# Fighting condensation - epoxy or varnish



## idris (3 Oct 2019)

(This is possibly more a woodwork question but, as it's DIY aquarium related, I'm hoping there may be useful experience within UKAPS.)

My custom tank stand / hood is heavily varnished ply. But after a 8yrs of good service, and despite cover glass, the varnish on the inside of the hood is no longer protecting the wood from condensation.

Rather than multiple coats of varnish, is epoxy likely to be much better at resisting the condensation in a tank hood?

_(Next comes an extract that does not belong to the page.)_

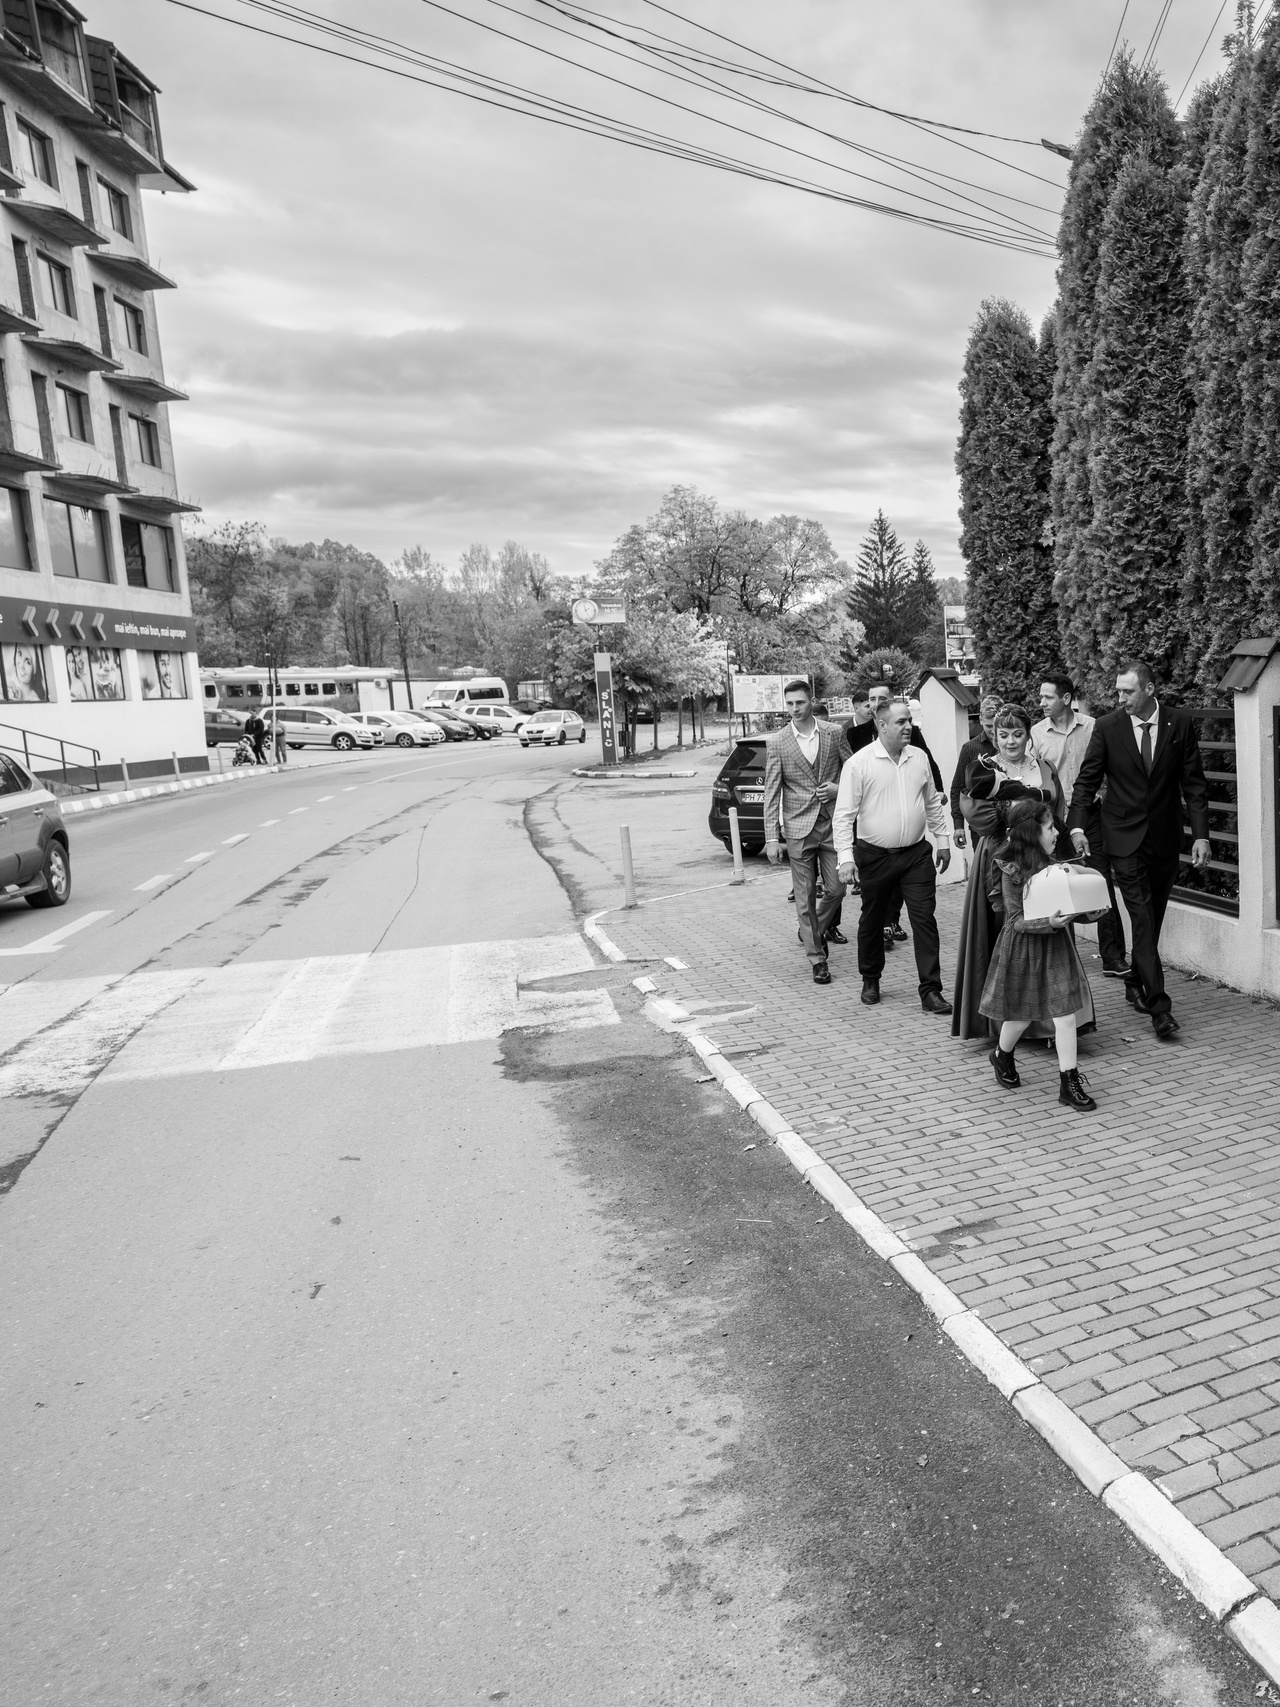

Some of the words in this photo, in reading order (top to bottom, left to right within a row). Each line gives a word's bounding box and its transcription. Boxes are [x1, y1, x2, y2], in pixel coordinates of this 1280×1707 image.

(And any thoughts on fitting a small PC/CPU fan as an extractor?)


----------



## Keith GH (4 Oct 2019)

Idris

Even though I taught the Cabinet Making trade for 26 years I have been retired for 30 years now and many things have changed my suggestion would go to a proper paint store that also sells marine products.

One point to consider as you old hood could also have a lot of moisture in it,  over all it might be best to make a new one and use a product more suitable for you hood.

Keith


----------



## Edvet (4 Oct 2019)

polyurethane and hardwood plywood


----------



## zozo (4 Oct 2019)

Epoxy if not exposed to UV makes it 100% water proof. If its exposed to UV it might start to chip at the edges over time, than it needs an UV blocker added.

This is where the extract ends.